The BCRA set contribution limits on individuals as well as corporations and -- in its most controversial section -- banned "issue ads" within 60 days of an election if they even so much as mentioned a candidate's name:

The case involved advertisements that Wisconsin Right to Life was prevented from broadcasting. The ads asked voters to contact the state's two senators, Democrats Russ Feingold and Herb Kohl, and urge them not to filibuster President Bush's judicial nominees.

Feingold, a co-author of the campaign finance law, was up for re-election in 2004.

The provision in question was aimed at preventing the airing of issue ads that cast candidates in positive or negative lights while stopping short of explicitly calling for their election or defeat. Sponsors of such ads have contended they are exempt from certain limits on contributions in federal elections.

The Court ruled today that preventing the airing of ads violated the First Amendment's freedom of speech provision:

The decision upheld an appeals court ruling that an anti-abortion group should have been allowed to air ads during the final two months before the 2004 elections. The law unreasonably limits speech and violates the group's First Amendment rights, the court said.

"Discussion of issues cannot be suppressed simply because the issues may also be pertinent in an election," Chief Justice John Roberts wrote for the majority. "Where the First Amendment is implicated, the tie goes to the speaker, not the censor."

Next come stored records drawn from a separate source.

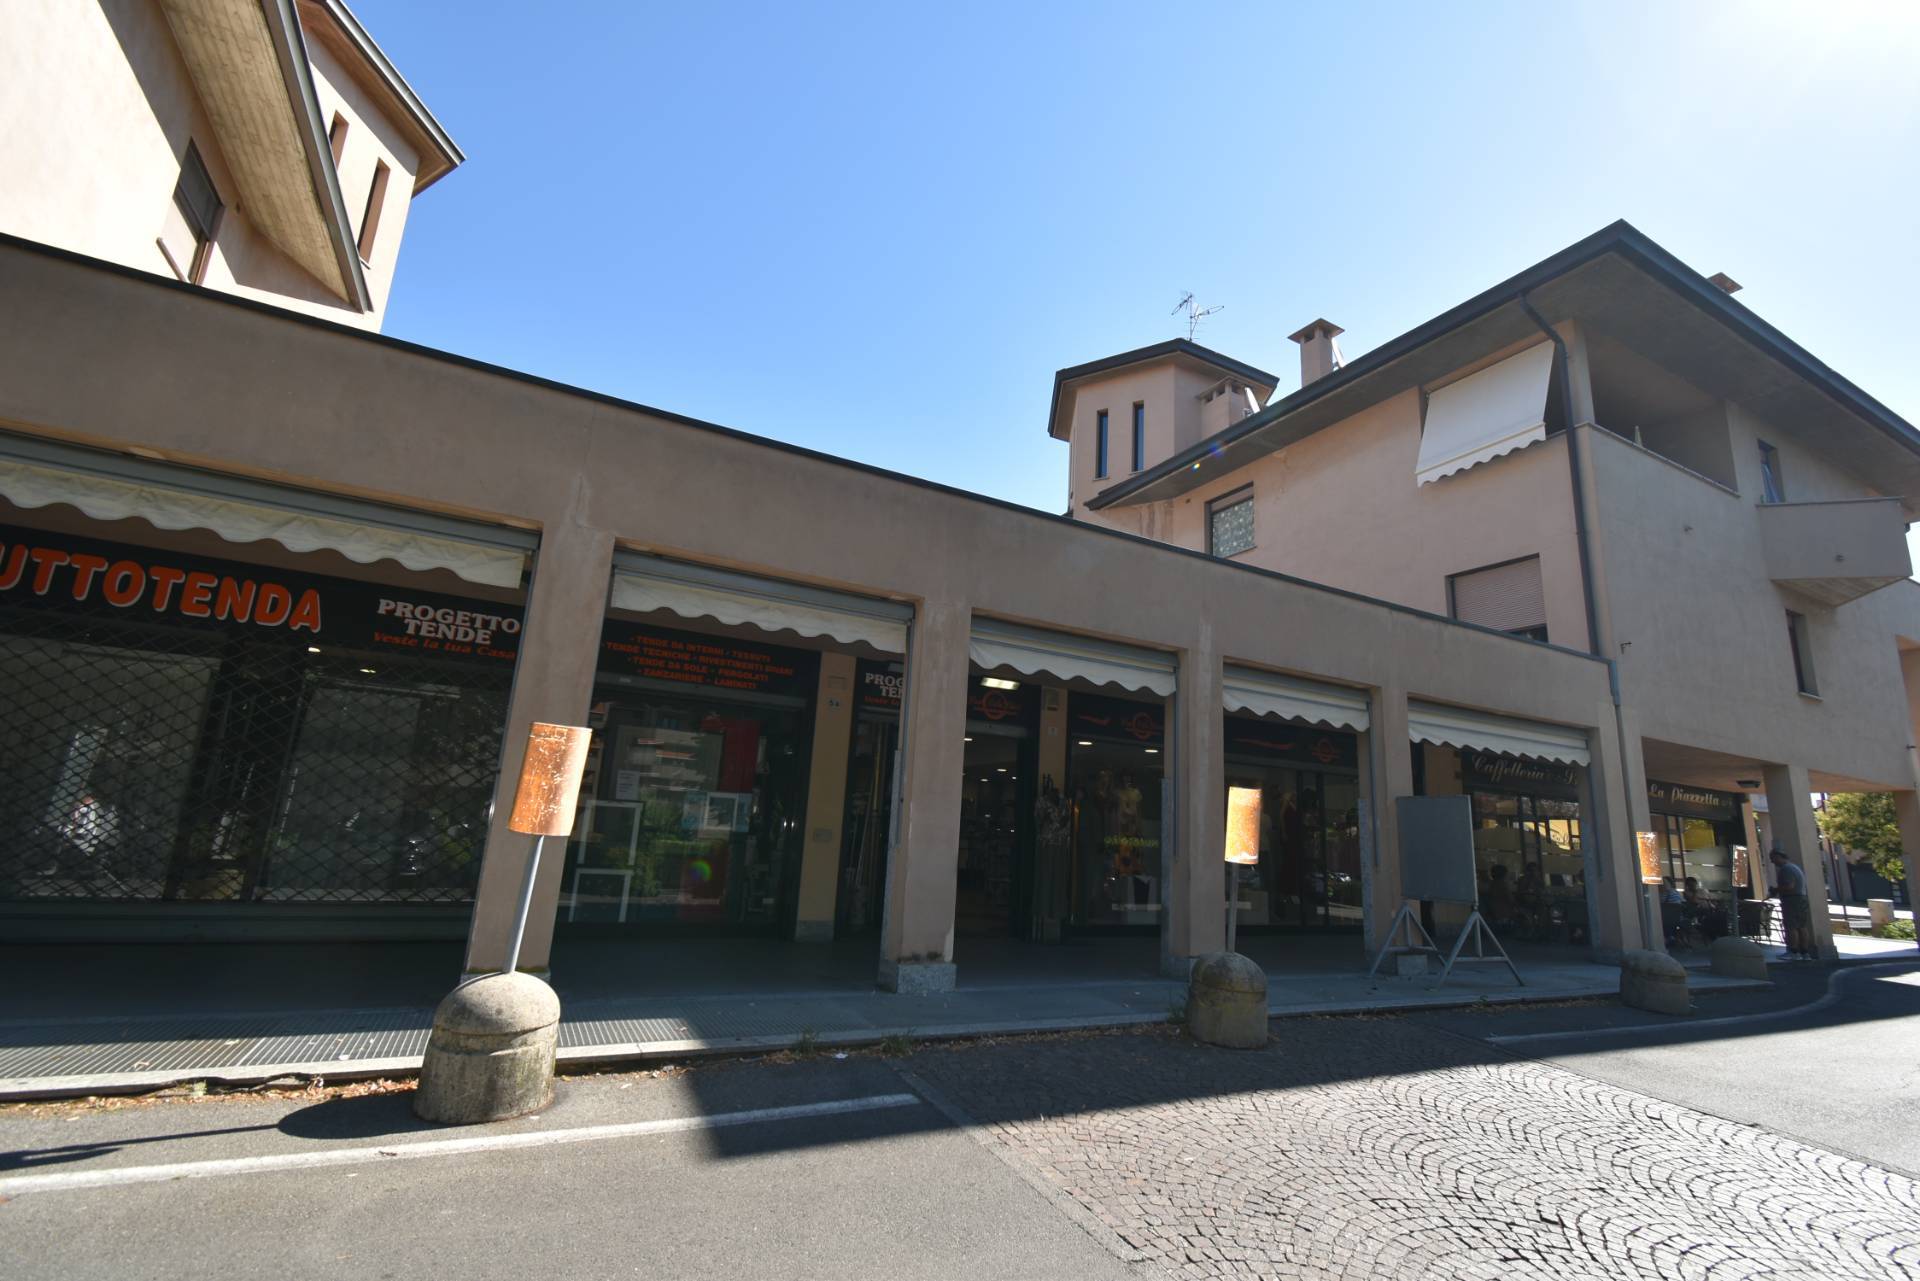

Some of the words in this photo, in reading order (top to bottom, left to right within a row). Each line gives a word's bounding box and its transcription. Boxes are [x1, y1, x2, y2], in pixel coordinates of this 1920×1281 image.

[377, 598, 521, 633] PROGETTO
[404, 618, 492, 644] TENDE
[374, 631, 418, 647] Veste
[423, 639, 439, 650] la
[444, 642, 472, 654] tua
[478, 645, 516, 660] Casa
[607, 641, 640, 654] TENDE
[642, 647, 690, 661] TECNICHE
[635, 635, 668, 649] TENDE
[671, 640, 684, 650] DA
[687, 641, 724, 656] INTERNI
[632, 655, 664, 669] TENDE
[668, 660, 681, 670] DA
[684, 662, 709, 675] SOLE
[1648, 783, 1665, 799] La
[1671, 786, 1720, 807] Piazzetta

Politically, the ruling is a horrendous body blow to the already faltering campaign of Sen. John McCain (R-AZ, 65%), one of the two eponymous senators who introduced the bill in the Senate (the other is Russell Feingold, D-WI, 100%), widely considered the most liberal fellow in the Senate. McCain seems to be enraged at the Court, perhaps seeing it as a personal insult to him that may require the Chief Justice to defend it with his body upon the field of honor:

The decision is a setback for Sen. John McCain, R-Ariz., who helped write the 2002 campaign finance legislation with Feingold that contained the advertising provision. McCain, now a presidential candidate, has come under criticism from conservatives for attempting to restrict political money and political advertising.

"It is regrettable that a split Supreme Court has carved out a narrow exception by which some corporate and labor expenditures can be used to target a federal candidate in the days and weeks before an election," McCain said in a statement. [That "narrow exception" appears to refer to the First Amendment to the United States Constitution, with which Sen. McCain takes issue.]

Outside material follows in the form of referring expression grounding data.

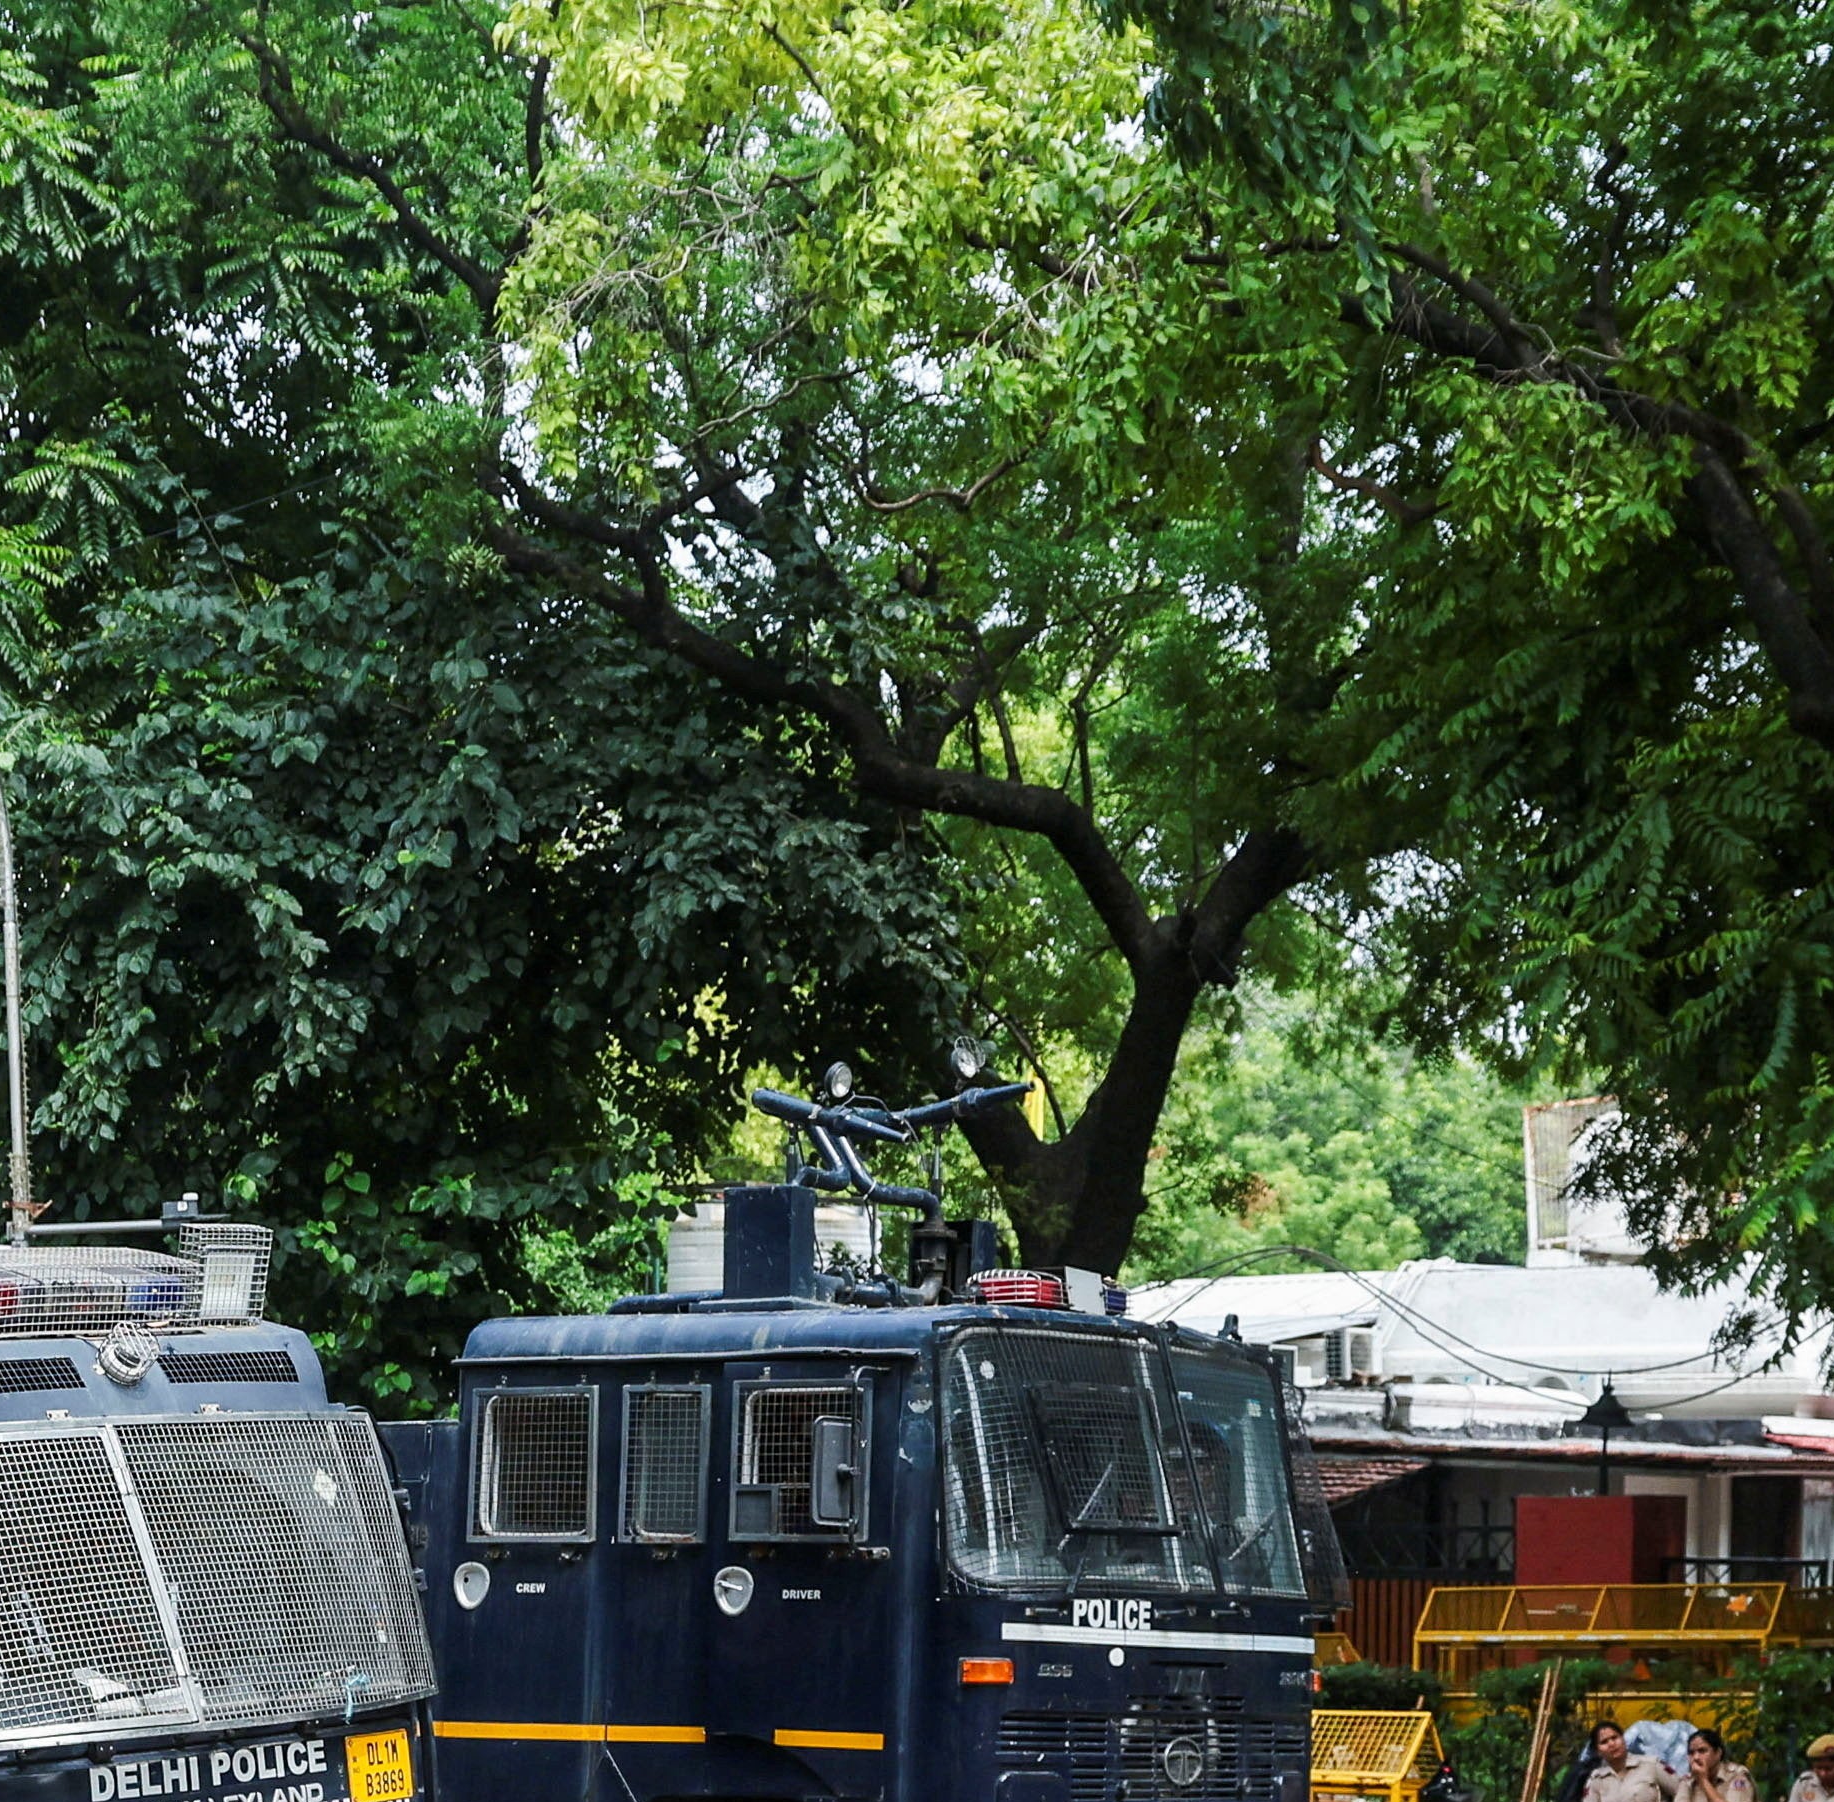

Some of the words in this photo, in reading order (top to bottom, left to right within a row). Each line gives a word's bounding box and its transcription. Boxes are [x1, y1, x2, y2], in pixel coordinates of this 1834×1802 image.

[516, 1583, 546, 1593] CREW
[782, 1589, 821, 1599] DRIVER
[1073, 1599, 1151, 1630] POLICE
[89, 1755, 200, 1802] DELHI
[211, 1740, 328, 1786] POLICE
[365, 1768, 405, 1797] B3869

The court's decision, however, has no effect on the more far-reaching component of the campaign finance law - it's ban on the ability of political parties to raise unlimited and unrestricted amounts of money from unions, corporations and wealthy donors.

"Fortunately," McCain said, "that central reform still stands as the law."

Happily, Mitt Romney appears to have been the first Republican presidential candidate to applaud the demise of the odious "issue-ad" prohibition of McCain-Feingold.

I call this excellent ruling a realignment because the Court's reversal of a central provision of its December, 2003 ruling upholding the BCRA, McConnell v. Federal Election Commission, 540 U.S. 93 (2003), can be traced to one key event: President Bush nominated Samuel Alito to replace Justice Sandra Day O'Connor.

On the core findings in McConnell v. FEC, Justices O'Connor, Stephen Breyer, John Paul Stevens, Ruth Bader Ginsburg, and David Souter upheld all the most important elements of the law; the dissenters were Justices Antonin Scalia, Clarence Thomas, Anthony Kennedy, and Chief Justice William Rehnquist.

In today's ruling, every justice still on the Court voted the same as he or she did last time; Chief Justice John Roberts voted against the BCRA and in favor of freedom of speech, just as Rehnquist did. The only difference was that Justice Alito reversed Justice O'Connor's vote from pro-BCRA to anti.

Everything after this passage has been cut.